### WORK ORDER
Print every record exactly, omitting all pictures.

(Spatial localization data)
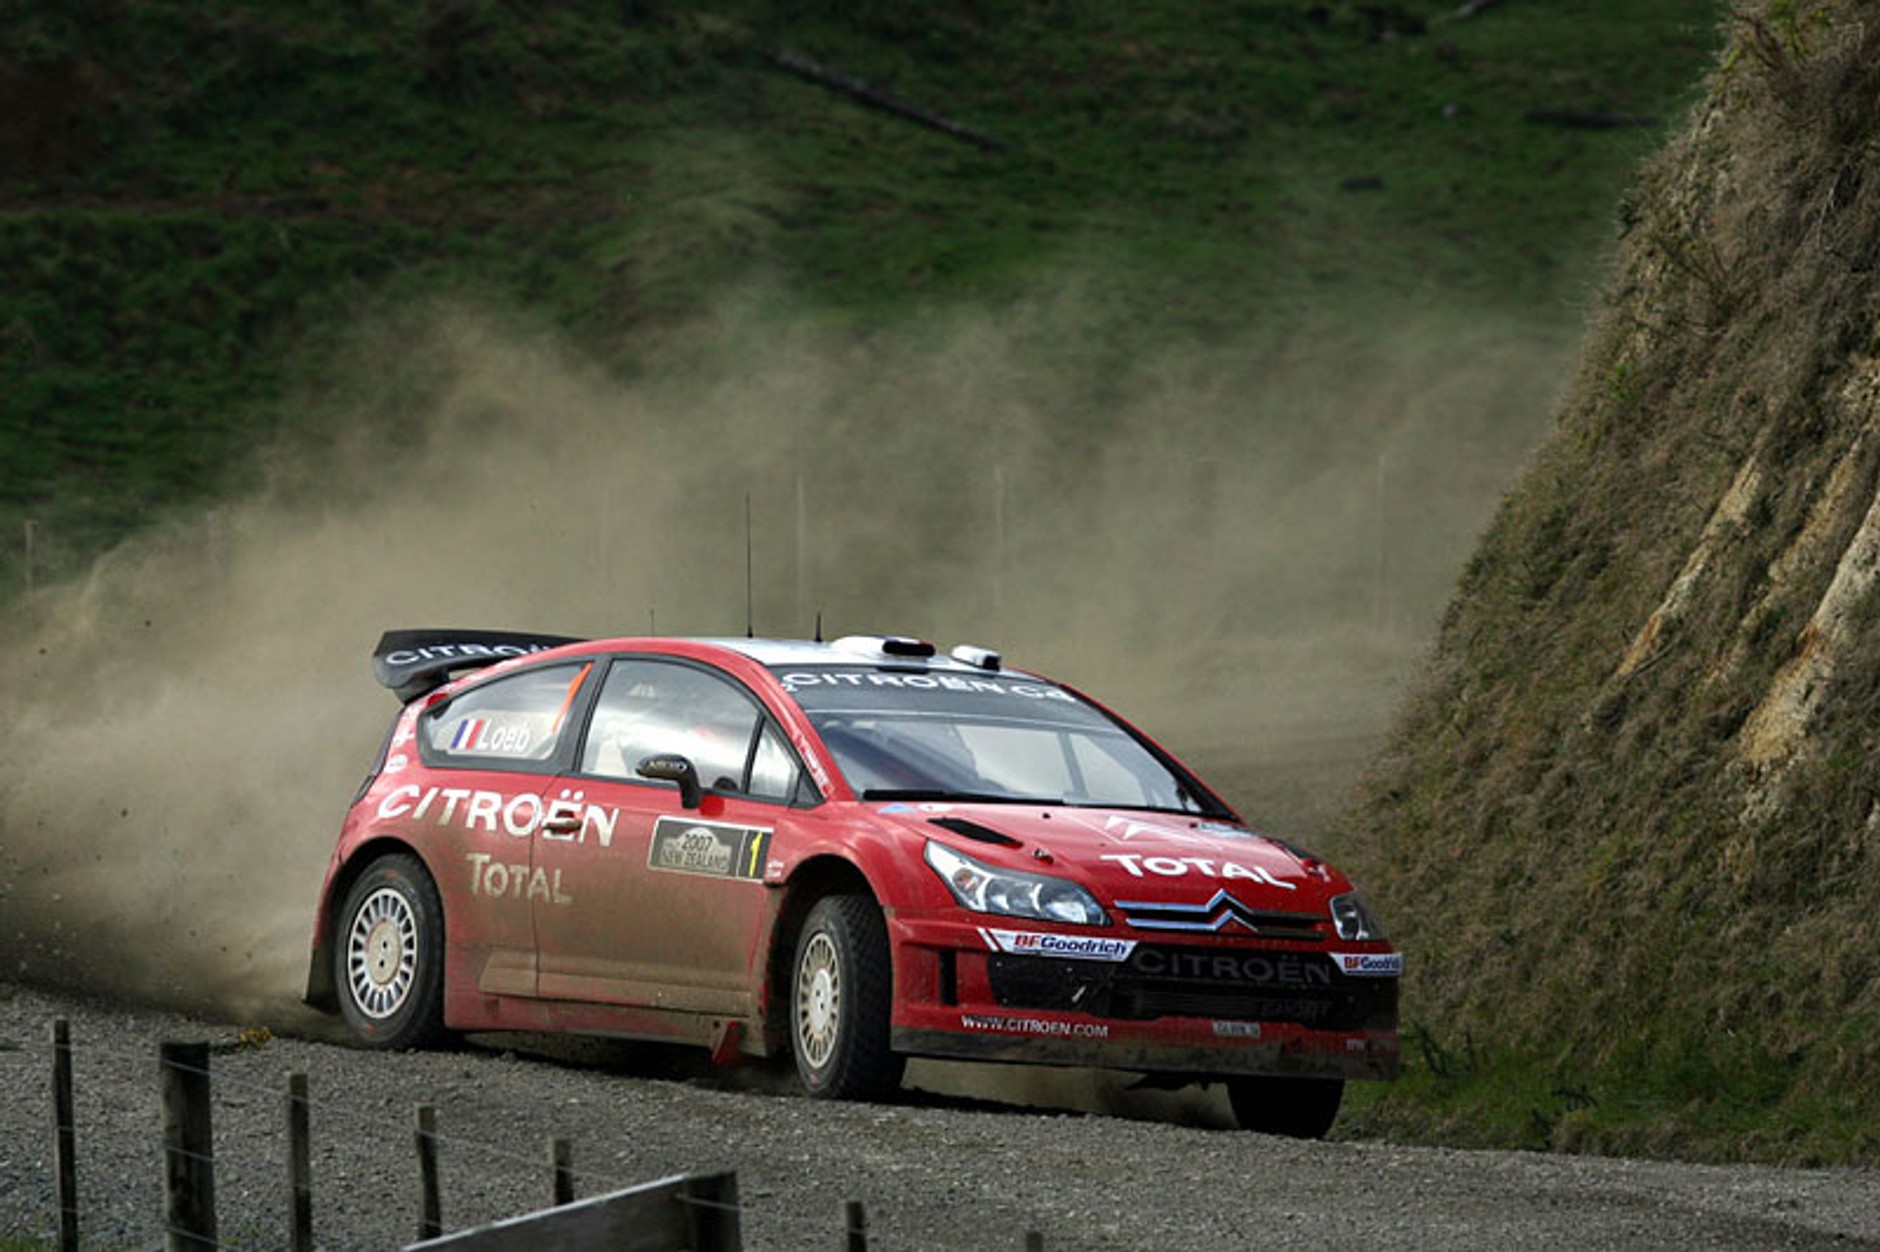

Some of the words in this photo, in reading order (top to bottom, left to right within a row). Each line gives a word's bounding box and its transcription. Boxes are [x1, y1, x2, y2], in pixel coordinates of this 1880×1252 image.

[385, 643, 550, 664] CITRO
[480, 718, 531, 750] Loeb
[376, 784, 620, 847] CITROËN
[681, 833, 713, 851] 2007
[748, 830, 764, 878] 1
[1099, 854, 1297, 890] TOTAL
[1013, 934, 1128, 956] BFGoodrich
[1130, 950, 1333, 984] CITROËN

### EXERCISE ANSWER
Some of the words in this photo, in reading order (top to bottom, left to right within a row). Each line gives a word's bounding box and its transcription. Boxes are [x1, y1, x2, y2], in pixel coordinates of this 1880×1252 image.

[385, 643, 550, 664] CITRO
[480, 718, 531, 750] Loeb
[376, 784, 620, 847] CITROËN
[681, 833, 713, 851] 2007
[748, 830, 764, 878] 1
[1099, 854, 1297, 890] TOTAL
[1013, 934, 1128, 956] BFGoodrich
[1130, 950, 1333, 984] CITROËN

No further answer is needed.